* [Exercise materials]
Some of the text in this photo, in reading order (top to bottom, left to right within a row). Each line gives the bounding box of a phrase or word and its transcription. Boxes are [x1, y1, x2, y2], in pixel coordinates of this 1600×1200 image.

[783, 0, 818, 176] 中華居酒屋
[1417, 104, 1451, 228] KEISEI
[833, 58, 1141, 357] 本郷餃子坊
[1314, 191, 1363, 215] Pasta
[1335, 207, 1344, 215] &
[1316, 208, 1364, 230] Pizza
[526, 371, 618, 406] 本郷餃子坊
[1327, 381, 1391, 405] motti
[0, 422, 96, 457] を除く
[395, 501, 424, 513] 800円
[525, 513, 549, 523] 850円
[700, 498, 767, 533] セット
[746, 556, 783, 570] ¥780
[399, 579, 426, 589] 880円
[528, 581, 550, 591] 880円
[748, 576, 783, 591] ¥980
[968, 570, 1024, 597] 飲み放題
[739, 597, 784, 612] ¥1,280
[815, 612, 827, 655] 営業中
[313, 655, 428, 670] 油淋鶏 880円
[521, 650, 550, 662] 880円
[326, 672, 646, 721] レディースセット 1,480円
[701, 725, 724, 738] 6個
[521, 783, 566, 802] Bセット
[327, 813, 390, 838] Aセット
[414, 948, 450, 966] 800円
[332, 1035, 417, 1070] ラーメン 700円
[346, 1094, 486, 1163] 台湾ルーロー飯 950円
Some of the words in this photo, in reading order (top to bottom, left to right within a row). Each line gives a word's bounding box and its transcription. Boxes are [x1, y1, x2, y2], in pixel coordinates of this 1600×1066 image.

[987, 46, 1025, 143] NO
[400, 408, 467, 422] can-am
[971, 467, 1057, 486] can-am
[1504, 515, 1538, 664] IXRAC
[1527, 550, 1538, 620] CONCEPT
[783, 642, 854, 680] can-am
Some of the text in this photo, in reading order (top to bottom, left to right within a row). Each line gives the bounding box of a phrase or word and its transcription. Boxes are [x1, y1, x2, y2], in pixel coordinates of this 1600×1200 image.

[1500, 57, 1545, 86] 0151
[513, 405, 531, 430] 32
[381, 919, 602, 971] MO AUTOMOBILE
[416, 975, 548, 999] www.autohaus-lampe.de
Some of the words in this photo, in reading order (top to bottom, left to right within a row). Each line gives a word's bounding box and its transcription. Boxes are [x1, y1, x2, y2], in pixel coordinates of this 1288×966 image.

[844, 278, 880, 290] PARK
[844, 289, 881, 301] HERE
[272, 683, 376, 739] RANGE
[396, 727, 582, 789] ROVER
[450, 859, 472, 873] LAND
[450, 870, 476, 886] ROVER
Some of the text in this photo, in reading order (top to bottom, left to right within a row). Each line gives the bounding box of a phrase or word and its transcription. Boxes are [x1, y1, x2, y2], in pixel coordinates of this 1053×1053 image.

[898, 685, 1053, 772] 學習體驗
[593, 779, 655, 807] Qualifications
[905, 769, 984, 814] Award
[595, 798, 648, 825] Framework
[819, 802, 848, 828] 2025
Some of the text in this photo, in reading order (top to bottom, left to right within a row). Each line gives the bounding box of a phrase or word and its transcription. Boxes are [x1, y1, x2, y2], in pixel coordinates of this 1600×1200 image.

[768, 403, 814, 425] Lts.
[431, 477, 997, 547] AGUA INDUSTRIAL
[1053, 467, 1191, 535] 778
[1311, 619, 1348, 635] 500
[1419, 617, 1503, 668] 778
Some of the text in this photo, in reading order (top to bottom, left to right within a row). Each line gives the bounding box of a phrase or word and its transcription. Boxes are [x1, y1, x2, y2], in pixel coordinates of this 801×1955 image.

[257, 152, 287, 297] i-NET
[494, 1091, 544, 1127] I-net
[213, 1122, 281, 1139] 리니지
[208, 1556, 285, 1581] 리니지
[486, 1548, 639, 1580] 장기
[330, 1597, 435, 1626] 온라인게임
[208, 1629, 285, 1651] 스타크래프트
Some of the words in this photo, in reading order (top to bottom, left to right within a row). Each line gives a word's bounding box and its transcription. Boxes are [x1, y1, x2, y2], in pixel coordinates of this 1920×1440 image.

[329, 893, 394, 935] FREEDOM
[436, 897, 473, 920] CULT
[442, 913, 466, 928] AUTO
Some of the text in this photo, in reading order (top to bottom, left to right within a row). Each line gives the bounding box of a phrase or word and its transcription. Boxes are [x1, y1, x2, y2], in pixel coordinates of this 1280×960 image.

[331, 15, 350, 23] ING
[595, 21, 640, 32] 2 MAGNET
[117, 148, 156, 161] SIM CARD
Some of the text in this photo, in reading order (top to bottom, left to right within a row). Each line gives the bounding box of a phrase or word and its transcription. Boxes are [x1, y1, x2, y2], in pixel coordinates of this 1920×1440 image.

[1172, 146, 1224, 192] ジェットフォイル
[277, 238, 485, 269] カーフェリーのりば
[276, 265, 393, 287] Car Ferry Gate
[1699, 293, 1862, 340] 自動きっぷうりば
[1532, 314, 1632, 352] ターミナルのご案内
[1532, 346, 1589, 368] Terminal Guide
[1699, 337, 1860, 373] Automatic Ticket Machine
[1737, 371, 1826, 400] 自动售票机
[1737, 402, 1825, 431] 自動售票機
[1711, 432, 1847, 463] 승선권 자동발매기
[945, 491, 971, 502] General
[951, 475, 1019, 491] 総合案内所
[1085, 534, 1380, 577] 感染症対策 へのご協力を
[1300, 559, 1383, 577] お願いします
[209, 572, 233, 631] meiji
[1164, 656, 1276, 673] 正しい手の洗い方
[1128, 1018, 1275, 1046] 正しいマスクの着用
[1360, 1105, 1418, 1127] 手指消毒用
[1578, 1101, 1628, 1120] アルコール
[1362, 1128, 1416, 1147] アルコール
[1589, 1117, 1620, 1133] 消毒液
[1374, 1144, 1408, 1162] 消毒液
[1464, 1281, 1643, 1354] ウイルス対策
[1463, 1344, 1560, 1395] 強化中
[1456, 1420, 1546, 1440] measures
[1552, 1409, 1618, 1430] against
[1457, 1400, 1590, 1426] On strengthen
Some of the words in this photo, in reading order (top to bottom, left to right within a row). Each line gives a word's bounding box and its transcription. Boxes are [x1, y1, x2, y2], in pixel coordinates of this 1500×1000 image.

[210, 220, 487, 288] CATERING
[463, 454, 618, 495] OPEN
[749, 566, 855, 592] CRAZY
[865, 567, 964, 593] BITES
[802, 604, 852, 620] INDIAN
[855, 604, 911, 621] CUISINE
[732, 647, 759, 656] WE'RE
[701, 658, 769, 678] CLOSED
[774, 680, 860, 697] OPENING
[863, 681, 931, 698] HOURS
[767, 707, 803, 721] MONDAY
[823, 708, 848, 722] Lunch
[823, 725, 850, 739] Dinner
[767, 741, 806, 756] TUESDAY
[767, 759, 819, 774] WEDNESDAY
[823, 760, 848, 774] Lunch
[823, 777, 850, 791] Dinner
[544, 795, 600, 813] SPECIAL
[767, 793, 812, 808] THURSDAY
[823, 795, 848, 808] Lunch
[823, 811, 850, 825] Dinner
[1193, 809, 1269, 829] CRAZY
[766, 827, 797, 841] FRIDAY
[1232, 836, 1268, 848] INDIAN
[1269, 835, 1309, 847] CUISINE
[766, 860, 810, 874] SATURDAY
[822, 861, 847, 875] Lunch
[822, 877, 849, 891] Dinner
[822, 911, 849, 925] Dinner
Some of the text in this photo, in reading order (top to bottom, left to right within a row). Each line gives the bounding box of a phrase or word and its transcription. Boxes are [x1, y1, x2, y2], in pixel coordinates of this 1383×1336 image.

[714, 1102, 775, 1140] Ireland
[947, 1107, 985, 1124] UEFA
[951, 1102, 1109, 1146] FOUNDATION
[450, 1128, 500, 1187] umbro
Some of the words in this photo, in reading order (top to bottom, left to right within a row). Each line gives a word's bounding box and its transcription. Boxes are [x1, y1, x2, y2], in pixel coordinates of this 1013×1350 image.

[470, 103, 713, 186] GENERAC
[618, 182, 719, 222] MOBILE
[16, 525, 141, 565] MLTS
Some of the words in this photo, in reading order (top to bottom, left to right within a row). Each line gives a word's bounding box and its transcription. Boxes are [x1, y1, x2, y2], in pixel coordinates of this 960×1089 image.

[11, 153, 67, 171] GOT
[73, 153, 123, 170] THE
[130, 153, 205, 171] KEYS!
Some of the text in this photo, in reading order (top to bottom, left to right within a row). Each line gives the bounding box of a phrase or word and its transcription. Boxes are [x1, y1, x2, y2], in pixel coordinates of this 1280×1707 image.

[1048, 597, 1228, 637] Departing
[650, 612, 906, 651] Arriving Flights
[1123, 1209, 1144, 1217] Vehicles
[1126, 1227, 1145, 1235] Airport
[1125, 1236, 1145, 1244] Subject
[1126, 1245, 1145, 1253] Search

* [Task prompt] Reproduce the line containing "this 1013×1350 image." and every line after it. Stop at the last line of the records, and add nothing.

* [Your response]
Some of the words in this photo, in reading order (top to bottom, left to right within a row). Each line gives a word's bounding box and its transcription. Boxes are [x1, y1, x2, y2], in pixel coordinates of this 1013×1350 image.

[470, 103, 713, 186] GENERAC
[618, 182, 719, 222] MOBILE
[16, 525, 141, 565] MLTS
Some of the words in this photo, in reading order (top to bottom, left to right within a row). Each line gives a word's bounding box and its transcription. Boxes are [x1, y1, x2, y2], in pixel coordinates of this 960×1089 image.

[11, 153, 67, 171] GOT
[73, 153, 123, 170] THE
[130, 153, 205, 171] KEYS!
Some of the text in this photo, in reading order (top to bottom, left to right within a row). Each line gives the bounding box of a phrase or word and its transcription. Boxes are [x1, y1, x2, y2], in pixel coordinates of this 1280×1707 image.

[1048, 597, 1228, 637] Departing
[650, 612, 906, 651] Arriving Flights
[1123, 1209, 1144, 1217] Vehicles
[1126, 1227, 1145, 1235] Airport
[1125, 1236, 1145, 1244] Subject
[1126, 1245, 1145, 1253] Search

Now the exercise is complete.